Finding God in Broken Dreams
“God is in this story/ God is in the details
Even in the broken parts/ He holds my heart
He never fails…”
-Katy Nichole
All I ever wanted, growing up, was to be a mother. That was my big dream. My ideal occupation.
But my dreams came crashing down when James and I struggled to get pregnant, and then when our first two pregnancies ended in miscarriage.
After our second miscarriage, I really struggled. I couldn’t understand why this was happening. I didn’t know why God would allow it. I was devastated that what I wanted more than anything else – to be a mother – was slipping away from me and might never become reality at all. I went to church, but felt guilty because I was harboring doubts and questions. I had grown up in the church and accepted Christ at an early age, but I had never really struggled with my faith like this before. I felt very lost.
Shortly after our second miscarriage, our best friends, (who lived in an apartment the level above us), got pregnant. I’m not going to deny that I felt all the feelings – I was happy for them, but I was also sad, hurt, and jealous, as I saw them preparing to welcome their baby, and as I saw their lives unfolding in the way I thought James’ and mine would; while for us, month after month still left us with empty arms.
There was a day when I found myself praying in desperation, “God, will we get pregnant before (our friends) have their baby?”
If I heard any answer at all, I expected a simple “yes” or “no”. But instead I heard, soft, but unmistakable in the stillness, “Will you trust me if you don’t?”
I have never forgotten that. Because in that moment, I knew I wasn’t trusting him. I didn’t know where he was, or how to trust again, and I sat down on the bathroom floor and cried.
Our journey to parenthood began with tears, and shattered dreams. For me, it was a journey of trust. It was a journey where I had to learn to give up the plans I was holding onto so tightly. Too tightly. I had to give them up, and say, “What do you have for me, Lord?”
When you go through an experience like that, it never leaves you. To this day I think about those two babies. Who they would have been. Following their growth and development day-by-day, year-by-year. They made me a mother. They left footprints on my heart which will be there forever.

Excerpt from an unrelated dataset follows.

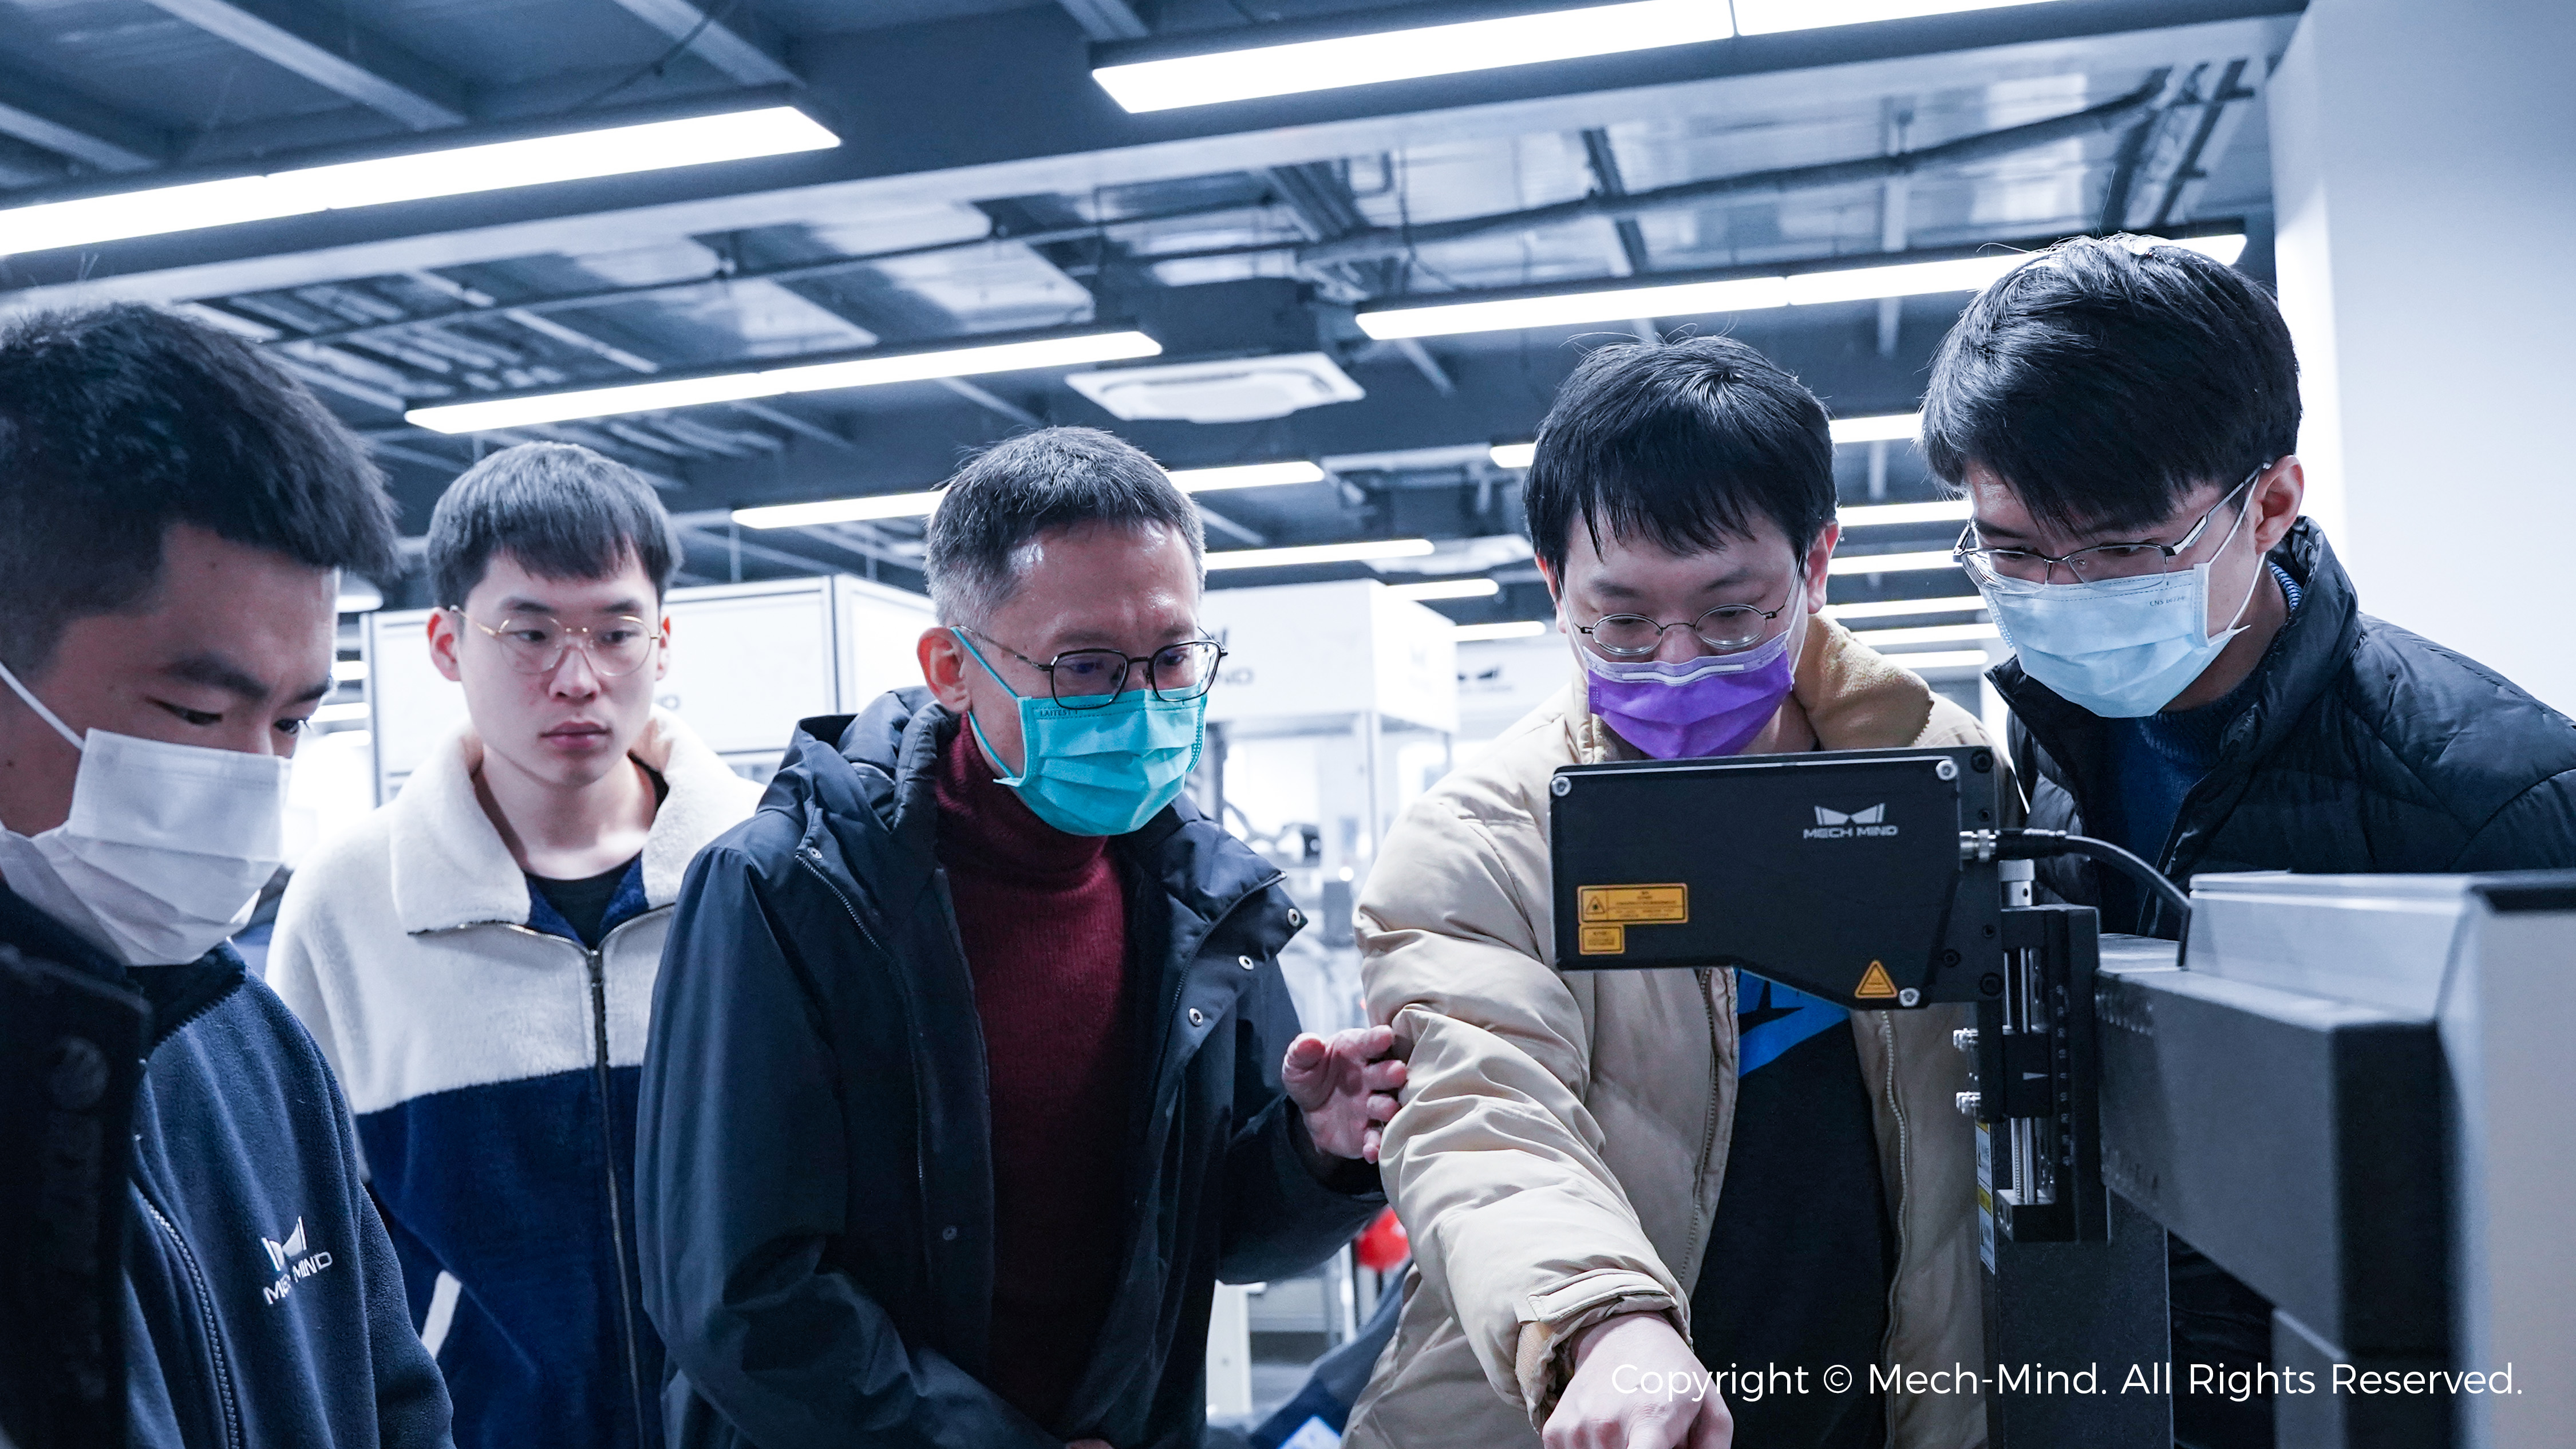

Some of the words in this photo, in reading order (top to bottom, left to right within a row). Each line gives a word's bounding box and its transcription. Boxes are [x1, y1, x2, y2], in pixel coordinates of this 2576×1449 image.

[1803, 828, 1854, 839] MECH
[1856, 825, 1899, 836] MIND
[293, 1251, 333, 1283] MIND

But in the midst of my brokenness, healing did come.
It did not come through getting pregnant again. It came through a chance word I overheard at a restaurant one day – one day when I was praying, “God, where are you in all of this?”
James and I had stopped in at Village Inn for free pie one Wednesday night, and the people in the booth nearby were having a Bible study. I heard someone say, “Because of what Jesus has done, death no longer has any victory.” And I realized, that’s where God was in all this. Because of Jesus, I had hope. Death was not a black void – there is life and light on the other side, and I know I will see my two babies again.
Healing came through a weekend away in the Jemez Mountains, pouring my heart out to God and allowing Him to pour back into me. Healing came through participating in National Novel-Writing Month, and processing my emotions on paper, though I had not planned to do that when I began. Healing came through talking with our pastor and his wife. Through music. Through time.
Healing came. And joy came again, too. Joy as I was able to fully surrender to God. To give up my hopes and plans and say, “I know you are enough – and whatever you have for me is good, even if it’s not what I expected.” To look eagerly for the work he had for me. Joy came through learning to trust again – deeper and more intimately than I ever had before.
“So if the storm you’re walking through/ Feels like too much for you
Wonder if he even cares at all/ Well, hold on tight to what you know
He promised he won’t let you go…”
Your song of healing’s written in his scars.